For those of us who support same-sex marriage and also consider ourselves to be right of center, there were special reasons to take satisfaction in last Friday’s vote in Albany. New York expanded its marriage law not under court order but after deliberation by elected lawmakers with the signature of an elected governor. Of the key group of affluent New Yorkers said to have pushed the campaign for the bill, many self-identify as conservative or libertarian. A GOP-run state Senate gave the measure its approval.

Ground shifts could be felt among the conservative commentariat as well. At National Review, Michael Potemra wryly observed that the world did not seem to be coming to an end, provoking a reader reaction that went on for days. Author David Frum, once a forceful opponent, published a column headlined “I was wrong about same-sex marriage” — wrong in particular to predict that it would destabilize the family generally, an outcome not seen in the five (now six) states and 10 countries to have adopted the change.

To their credit, New York lawmakers devoted much attention to the drafting of exemptions to protect churches and religious organizations from being charged with bias for declining to assist in same-sex marriages. Exemptions of this sort are sometimes dismissed as a mere sop to placate opponents. But in fact they’re worth supporting in their own right — and an important recognition that pluralism and liberty can and should advance together as allies.

Critics have charged that same-sex marriage will constrict the free workings of religious institutions and violate the conscience of individuals who act on religious scruples. Many of the examples they give are by now familiar. Catholic Charities pulled out of its Massachusetts adoption program rather than place children with gay couples, and it continues to fight similar battles in Illinois and elsewhere. Medical professionals face legal complaints for declining to provide assisted-reproduction services to clients in same-sex relationships. The New Mexico Human Rights Commission fined a wedding photographer who refused on religious grounds to work a ceremony for two women. The New Jersey Division of Civil Rights ruled that by routinely renting out a pavilion a Methodist group had turned it into a public accommodation and therefore could not refuse it to a lesbian couple for a civil-union ceremony.

Observe, however, that it isn’t the legal status of same-sex marriage that keeps generating these troublesome cases; it’s plain old discrimination law. Thus New York’s highest court ordered Yeshiva University, an Orthodox Jewish institution, to let same-sex couples into its married-student housing. But that ruling happened a decade ago and had nothing to do with last week’s vote in Albany. In the case of the wedding photographer ordered not to act on her scruples, New Mexico didn’t then and doesn’t now recognize same-sex marriage. While some of these rulings are to be deplored as infringements on individual liberty, they’re not consequences of the state of marriage law itself.

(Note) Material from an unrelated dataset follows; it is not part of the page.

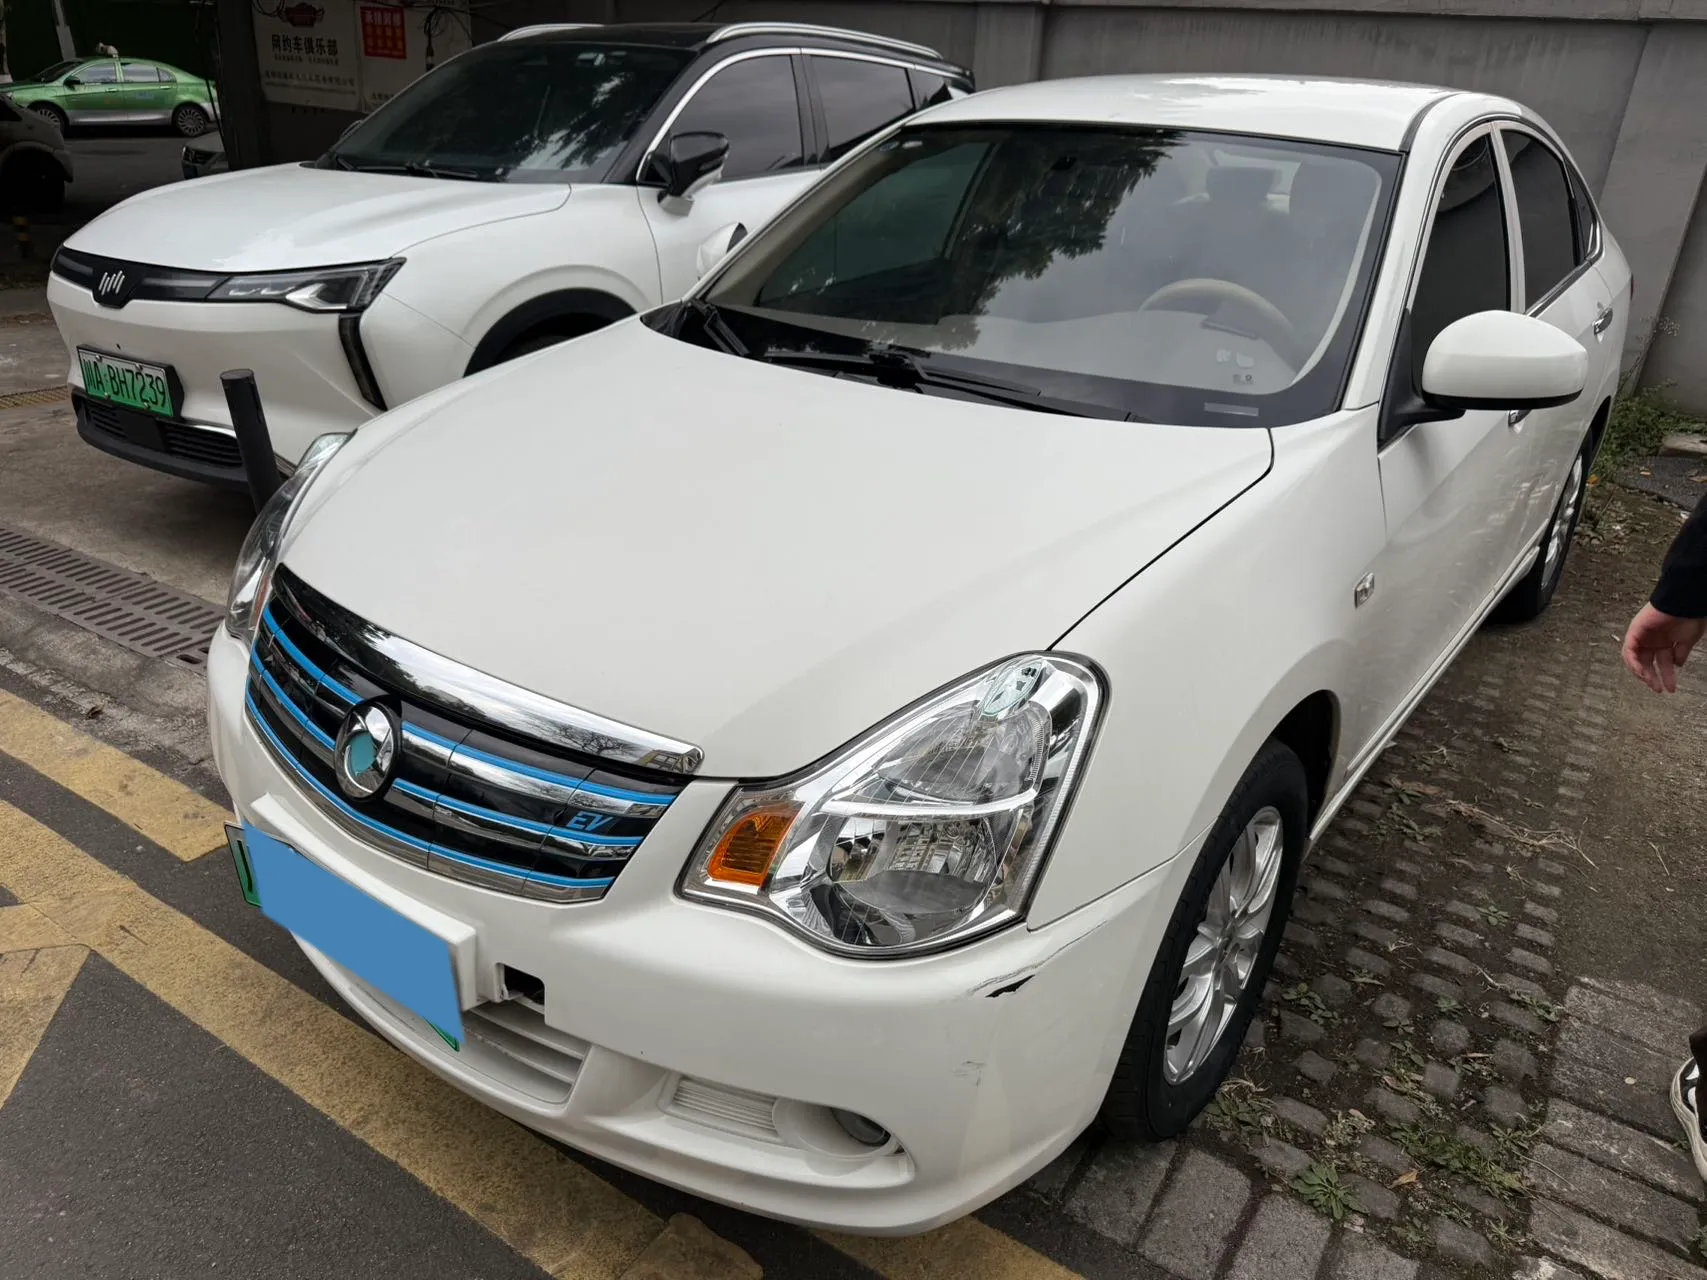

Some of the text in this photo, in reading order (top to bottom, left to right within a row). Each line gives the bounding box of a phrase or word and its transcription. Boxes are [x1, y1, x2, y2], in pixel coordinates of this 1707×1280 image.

It’s much the same with many of the battles arising from churches’ involvement in publicly funded social services. It was the state’s hard line on applying antidiscrimination law to placements that led Catholic Charities to quit Massachusetts adoptions. But not all states with same-sex marriage take such a hard line, while other states do take a hard line even though they lack same-sex marriage.

Why shouldn’t social-service institutions that accept public money have to serve all clients equally? That’s a view held by many people I respect. And yet the record with such institutions suggests things can be more complicated than that: Purism on the equality front sometimes comes at the expense of clients in need.

Consider one of the salient modern controversies over religion in social services, the decades-long lawsuit Wilder v. Bernstein. New York City had long leaned heavily on institutions affiliated with major religious groups to provide foster placements for “their” kids — Catholic agencies making arrangements for Catholic kids and so forth. Lawyers from the ACLU sued, saying this perpetuated religious discrimination. In particular, they argued, it was unfair that Catholic and Jewish kids got the assistance of relatively strong agencies backed by long histories of community philanthropy and volunteering, while other kids, notably black Protestants, were left with whatever foster arrangements the city could cobble together.

In a settlement, the city agreed to scrap the system and cut back religious matching in favor of something more like a first-come-first-served method of assignment, turning the agencies into something closer to interchangeable outposts of a single foster system. Problem solved? No. Outcomes went from unacceptable to even worse as the new rules demoralized and drove away volunteers at the high-performing religious agencies without turning around the others. The city’s foster-care system proceeded to lurch from crisis to crisis through 26 grueling years of litigation.

Whatever else we may disagree on, can we at least agree on trying not to repeat that sort of experience in an area as important as adoption? Messy though they can be in theory, religious exemptions have a crucial advantage in practice. As scholar Douglas Laycock of the University of Virginia has put it, they “allow both sides to live their own values.”